→ EXERCISE DIRECTIONS: Copy out exactly the lines from the one containing "this 1280×1707 image." to the last line of the records below, both included, and leave out any pictures.

RECORDS FOR THIS EXERCISE Start Marker

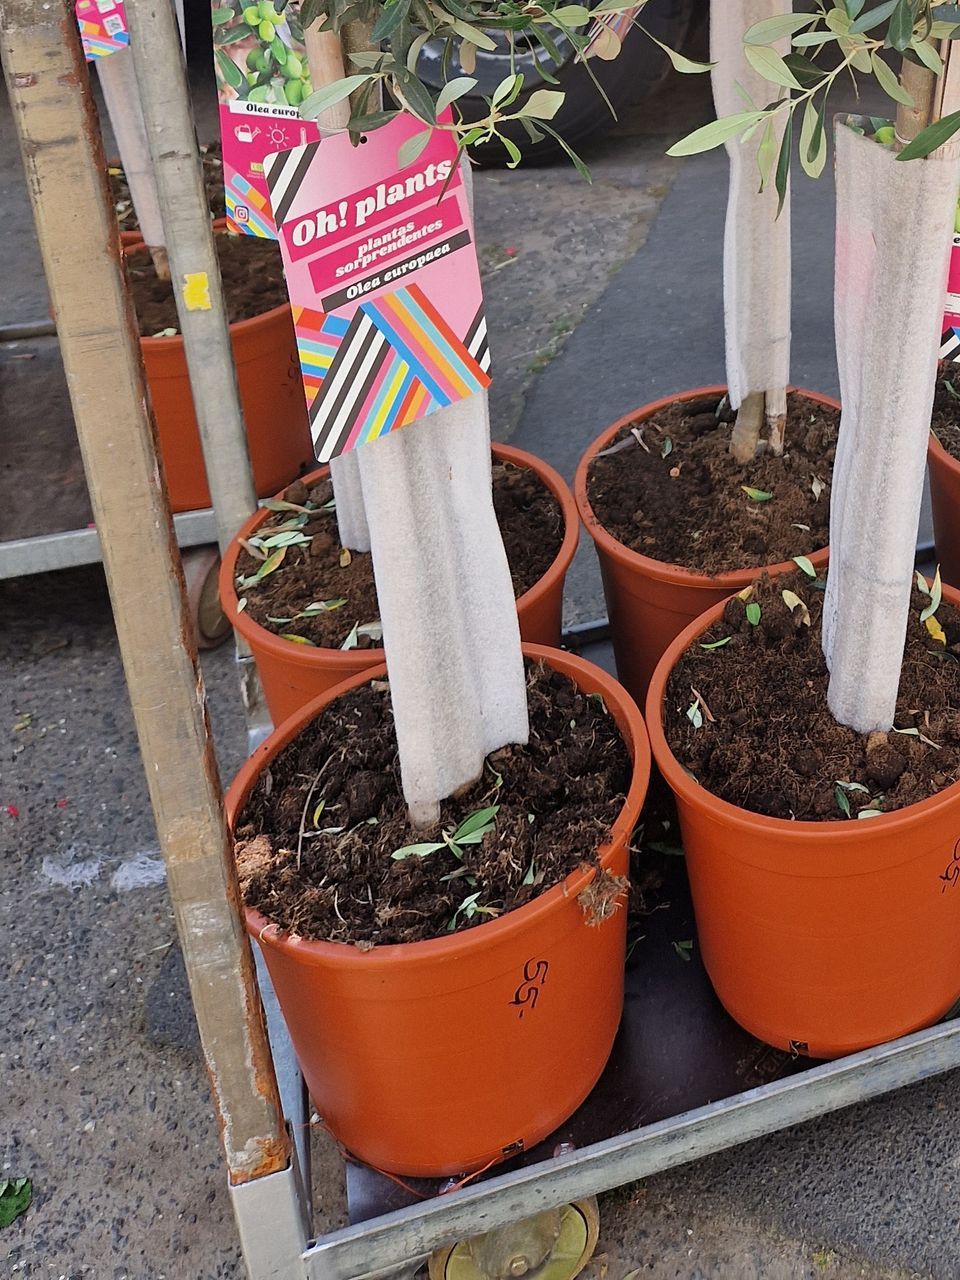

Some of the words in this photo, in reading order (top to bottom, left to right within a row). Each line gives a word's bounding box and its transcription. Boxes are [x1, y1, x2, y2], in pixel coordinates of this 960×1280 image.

[246, 103, 270, 114] Olea
[292, 201, 348, 247] Oh!
[354, 159, 453, 228] plants
[335, 219, 444, 278] sorprendentes
[357, 221, 416, 259] plantas
[346, 276, 381, 300] Olea
[383, 243, 451, 283] europaea
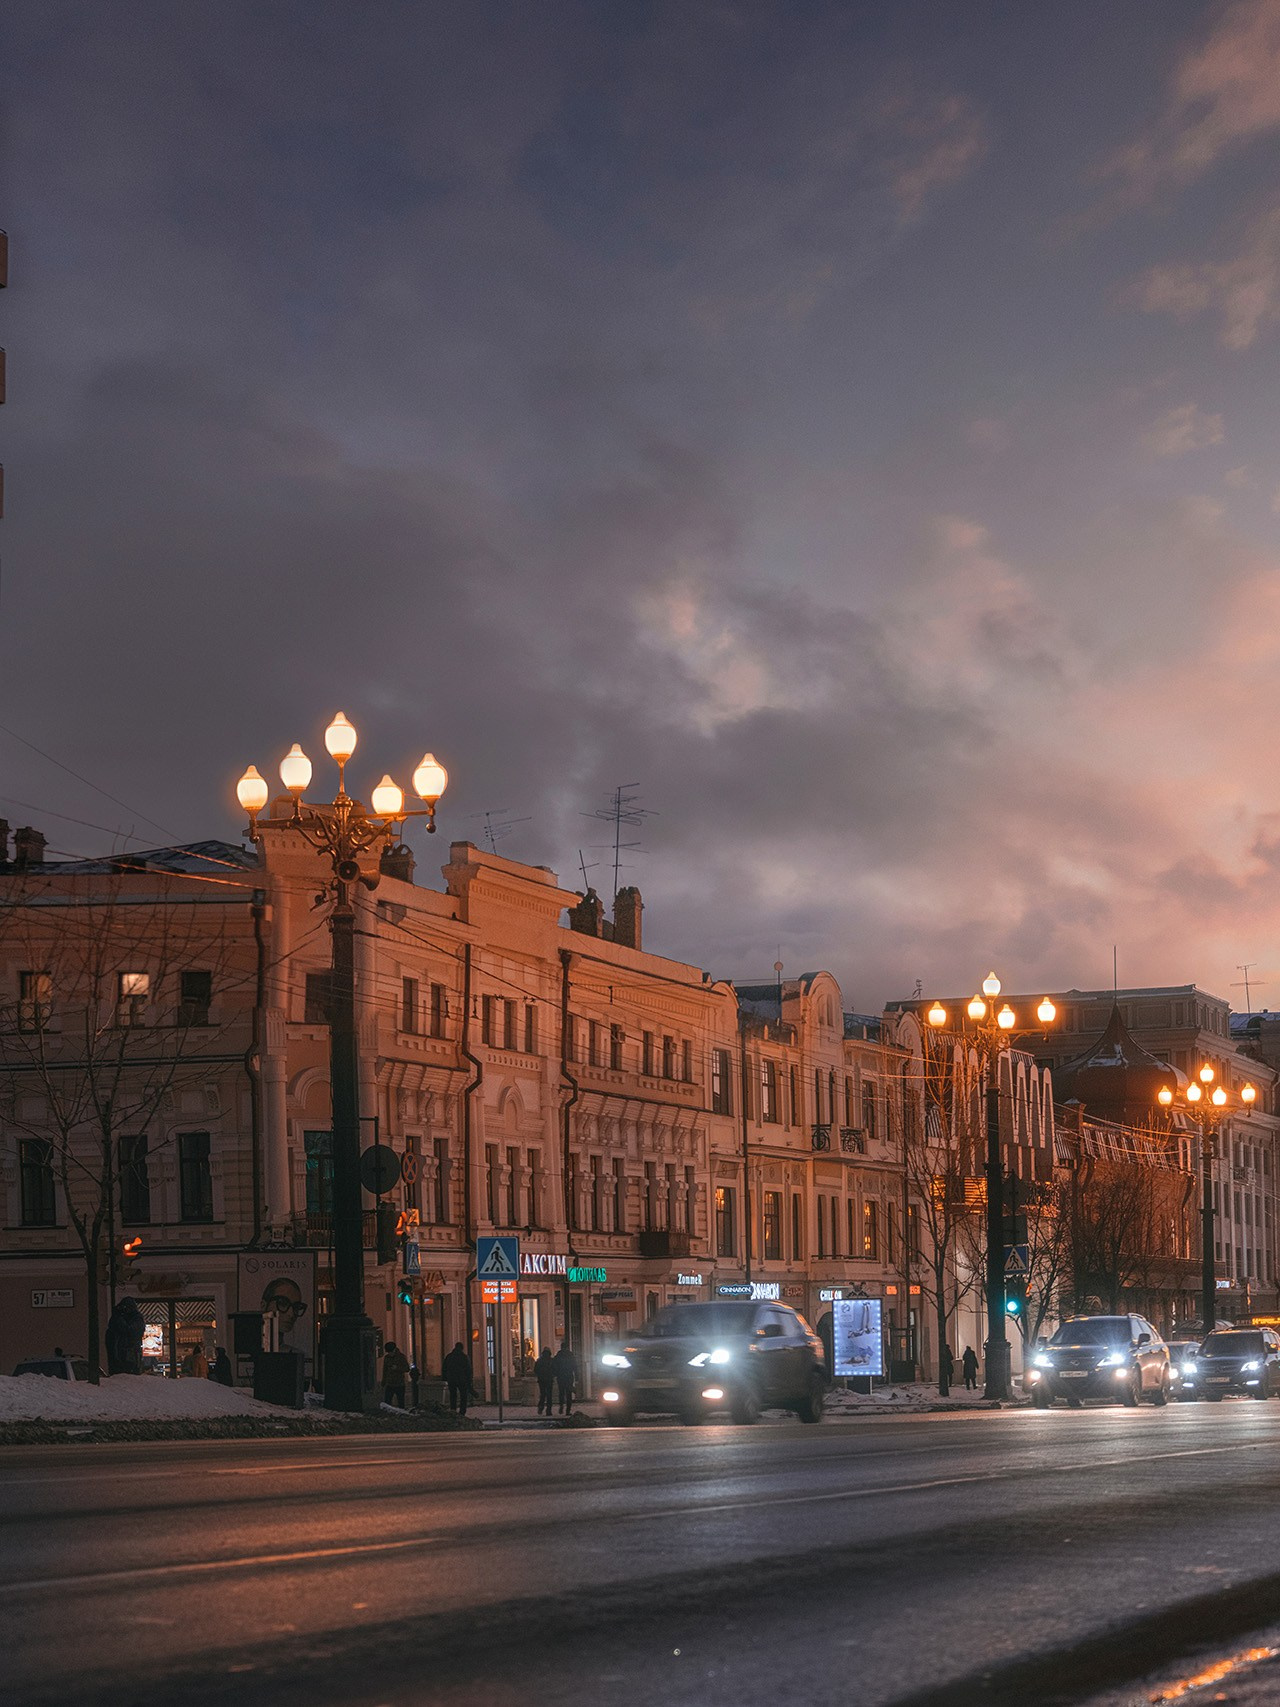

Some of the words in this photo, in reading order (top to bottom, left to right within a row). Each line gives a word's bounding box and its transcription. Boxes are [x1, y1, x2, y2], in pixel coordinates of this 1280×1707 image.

[262, 1260, 307, 1269] SOLARIS
[719, 1286, 752, 1294] CINNABON
[33, 1293, 45, 1305] 57
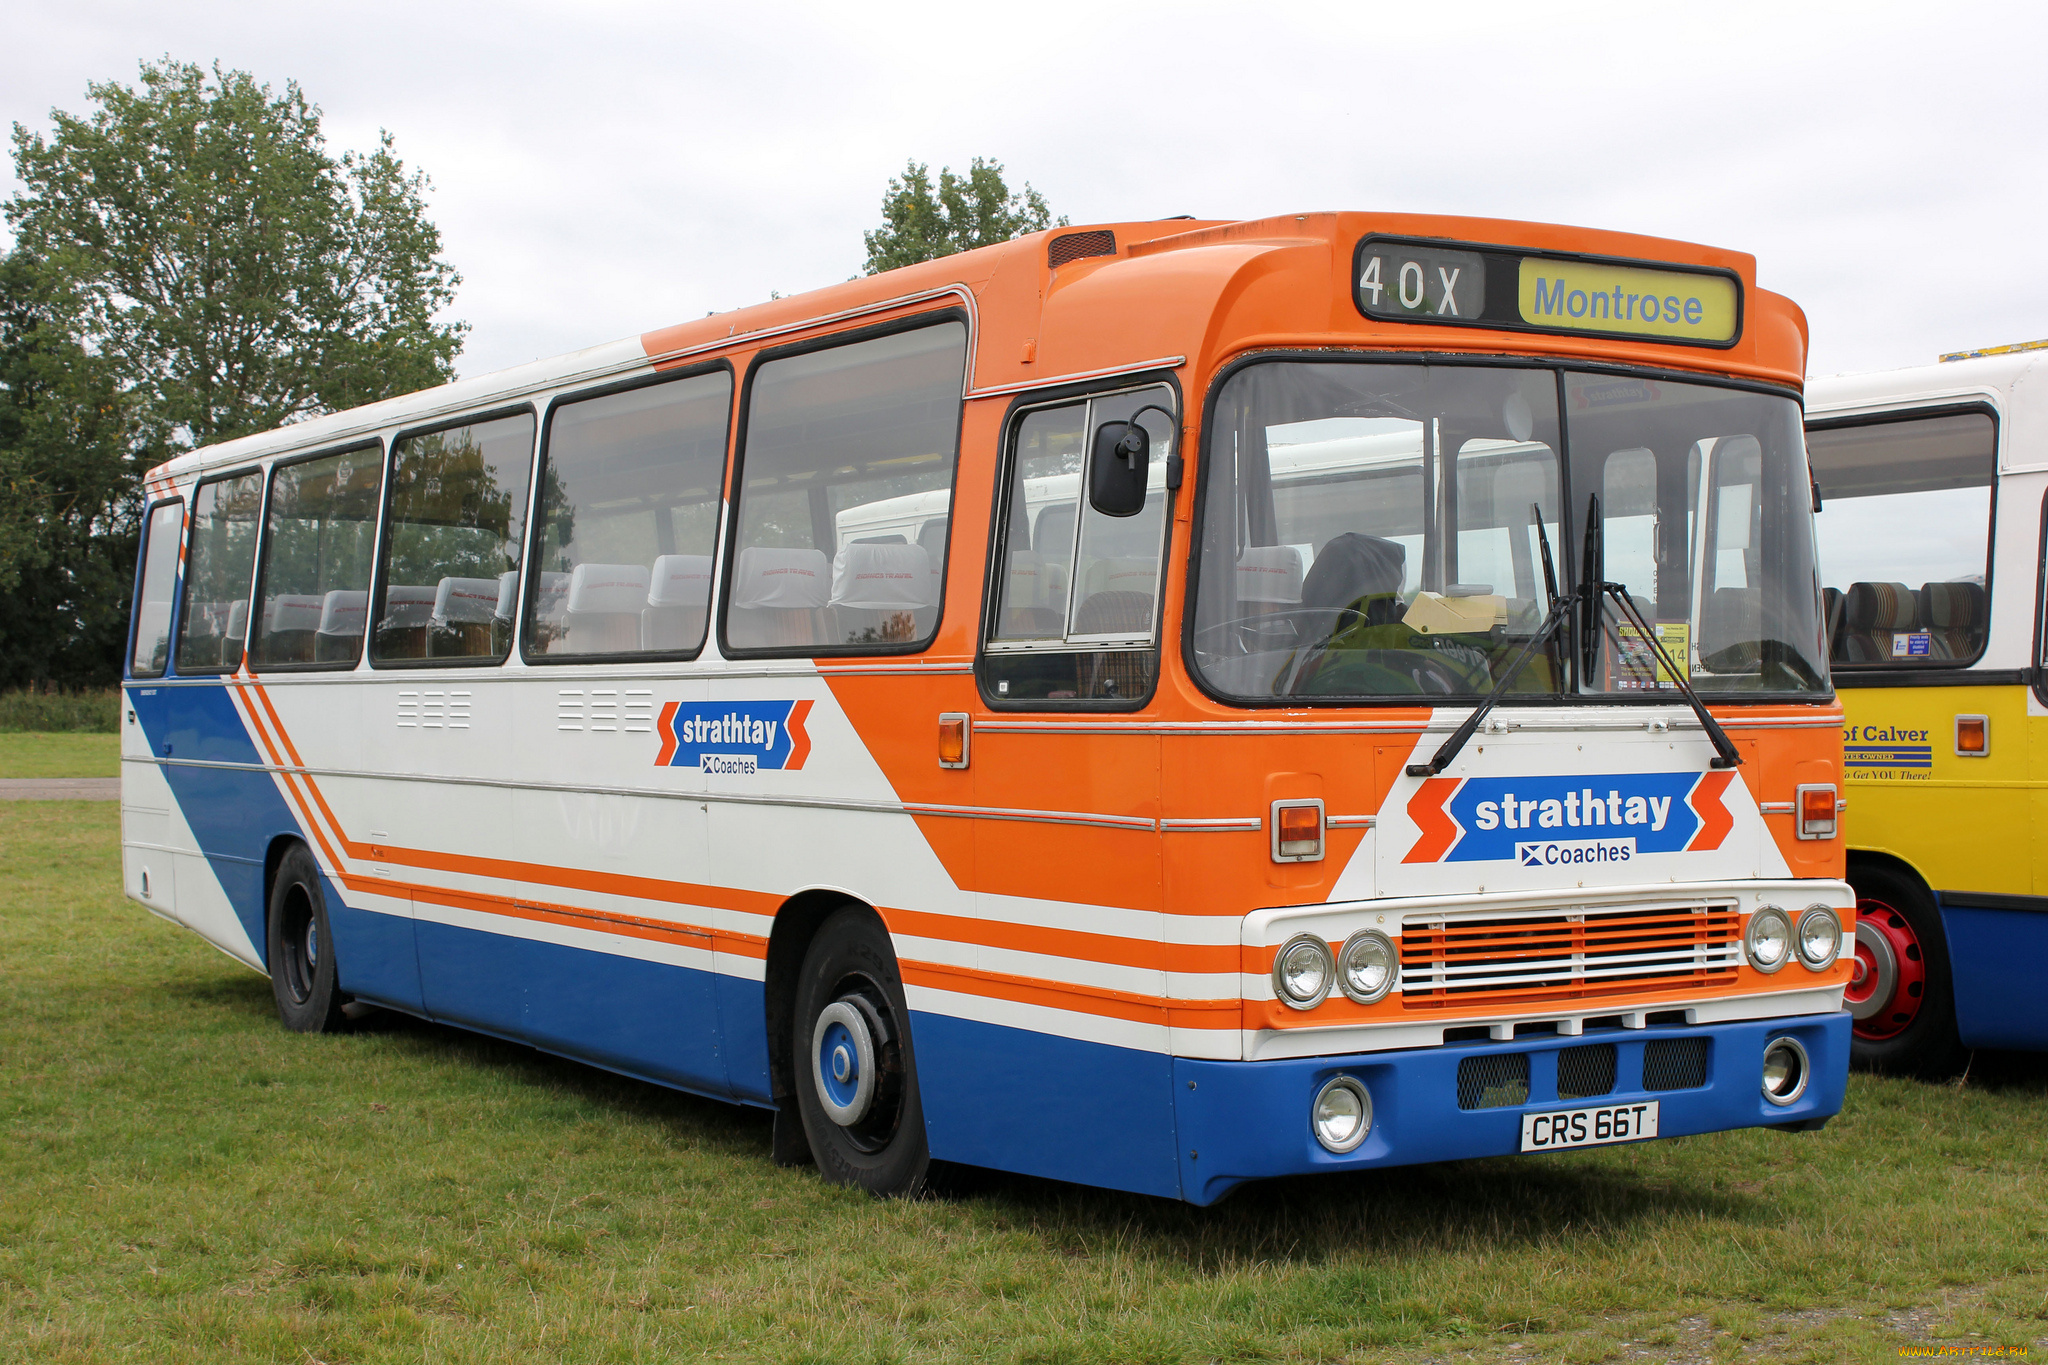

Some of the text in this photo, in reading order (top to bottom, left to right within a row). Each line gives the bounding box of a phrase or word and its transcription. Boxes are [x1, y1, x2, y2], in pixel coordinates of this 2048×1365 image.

RECORDS FOR THIS EXERCISE End Marker

→ EXERCISE ANSWER:
Some of the words in this photo, in reading order (top to bottom, left to right within a row). Each line gives a word's bounding box and its transcription. Boxes are [x1, y1, x2, y2], in pixel coordinates of this 1280×1707 image.

[262, 1260, 307, 1269] SOLARIS
[719, 1286, 752, 1294] CINNABON
[33, 1293, 45, 1305] 57

Some of the text in this photo, in reading order (top to bottom, left to right within a row). Each line gives the bounding box of a phrase or word and its transcription. Boxes are [x1, y1, x2, y2], in pixel coordinates of this 2048×1365 image.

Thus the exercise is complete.